Albarn’s music is, of course, also a draw for fans that might not normally go to a family show or musical. “But it’s not about putting Blur or Gorillaz on stage,” insists Norris. “Harnessing Damon’s [skill] at writing a tune for narrative is very exciting.”
A similar process has been taking place in Cardiff, where Super Furry Animals frontman Gruff Rhys has been working with National Theatre Wales (NTW) on their Christmas show: a theatre gig called The Insatiable, Inflatable Candylion. “Gruff’s songs have got a lot of story and character, so it feels natural to take it one step further,” says the show’s director, Wils Wilson. “We wanted to do something almost like a fable.”
Many hybrid creatures – such as Polar Pear and Sledgehog – live in the fantastical Pixel Valley, a community based on positive vibes. Until, that is, Candylion arrives… “It’s looking at how do you live together, how do you organise a community, but in a very playful, fun way. It’s got a couple of levels you can read it on.”
This was something that struck Rhys when he first toured the Candylion album: “People were bringing their kids to shows. I had no interest in trying to write for children: these songs have accidentally resonated, and I was excited to explore that.” He’ll perform every night, narrating the story as part of a cast of 10 actor-musicians, who dress up as the eccentric creatures.

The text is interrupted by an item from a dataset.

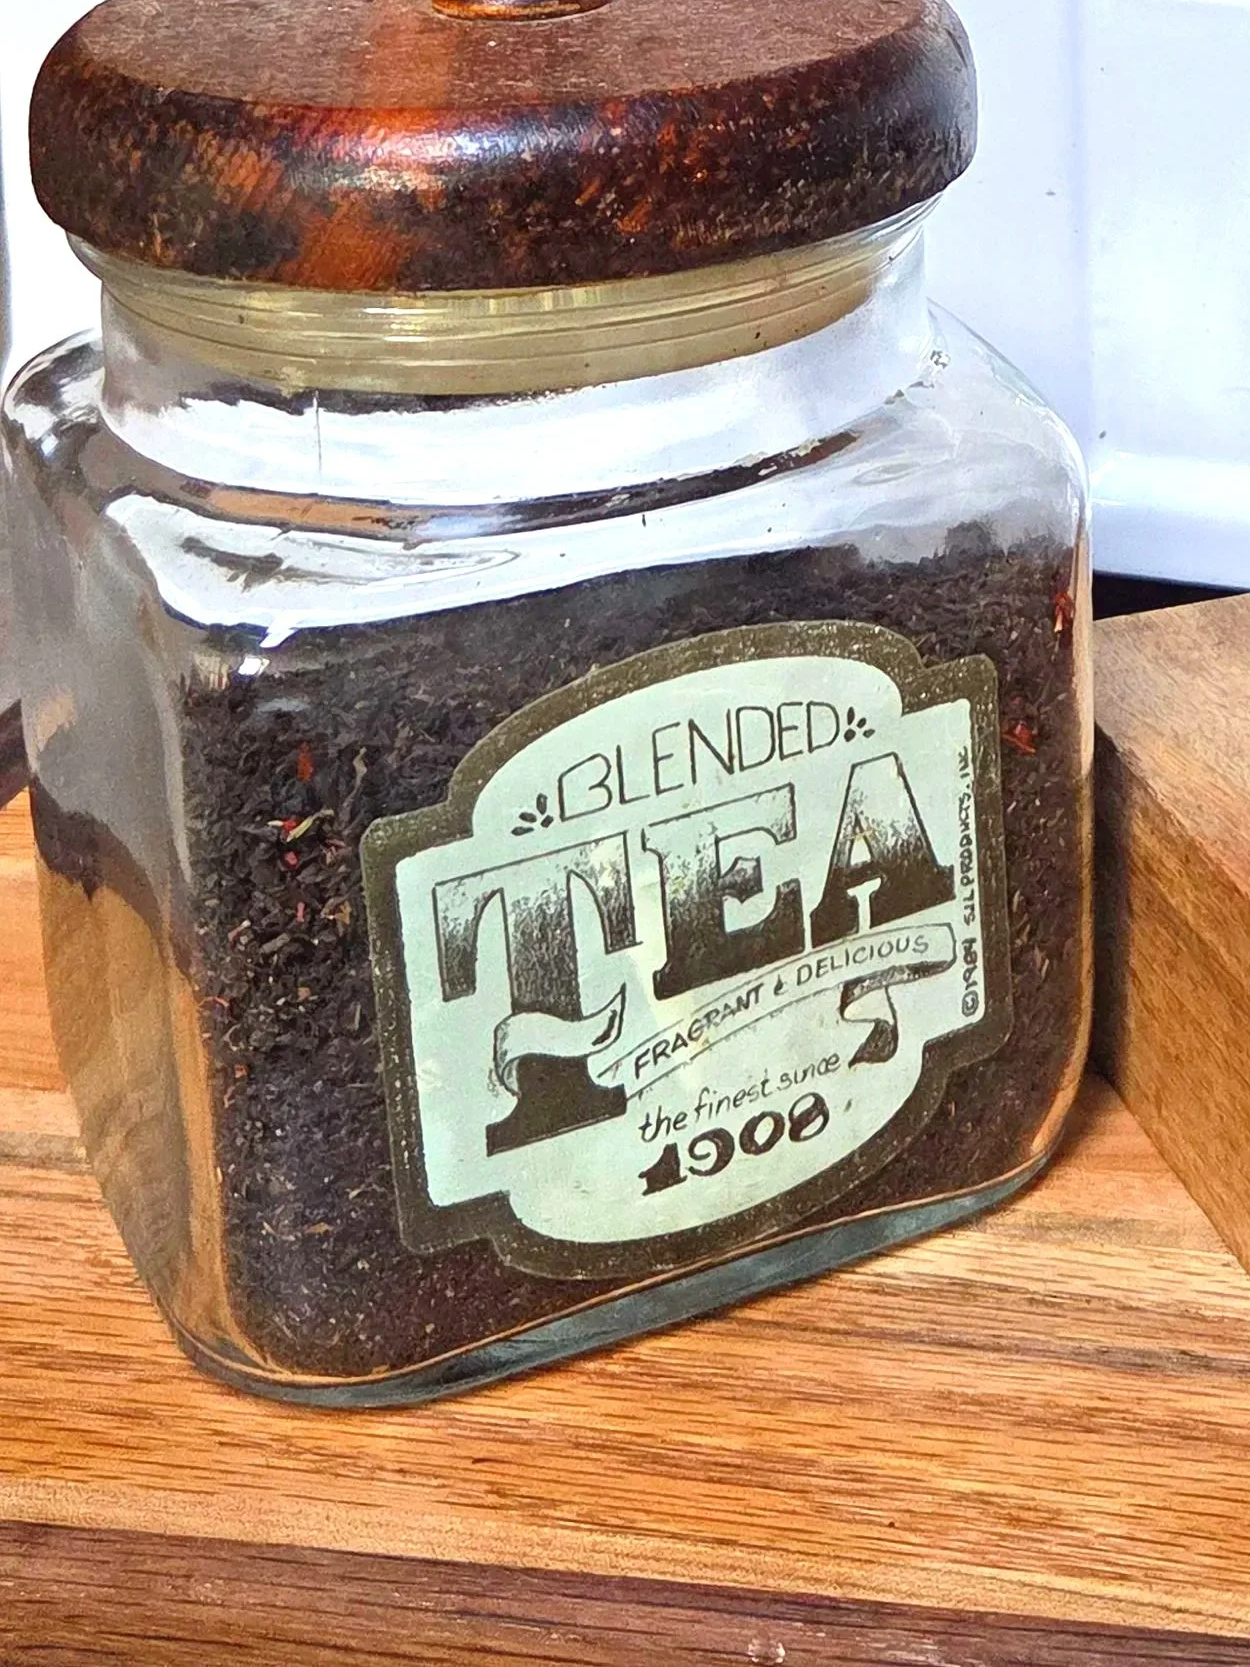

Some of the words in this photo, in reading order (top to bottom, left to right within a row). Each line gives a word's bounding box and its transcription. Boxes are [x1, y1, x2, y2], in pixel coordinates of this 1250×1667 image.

Like wonder.land, the show mixes the technological with the biological in creating the valley. “The shapes are quite organic, and the pixels are spherical, almost like fruit – but the colours are certainly quite psychedelic, and hyper-real,” says Wilson. Rhys worked on the original concept with Pete Fowler and Mark James, who have designed Super Furries’ artwork, to give the show an appealingly colourful, cartoonish aspect – but Disney, this isn’t. They’re even resisting the term “musical”. “There’s the rawness of a gig that’s very different to the polish you’d expect of a musical,” says Wilson.
“There’s a lot of pressure on theatre companies at Christmas time, so hats off to [NTW artistic director] John McGrath for providing something alternative,” she adds. “Some people absolutely want a conventional Christmas experience, and that’s great, but there’s also so many people who want something a bit different.”
‘The Lorax’ is at the Old Vic, London, to 16 Jan (oldvictheatre.com); ‘wonder.land’ is at the National Theatre, London, to 30 Apr (nationaltheatre.org.uk); The Insatiable, Inflatable Candylion is at the SSE SWALEC Stadium, Cardiff, 16 Dec-2 Jan (nationaltheatrewales.org).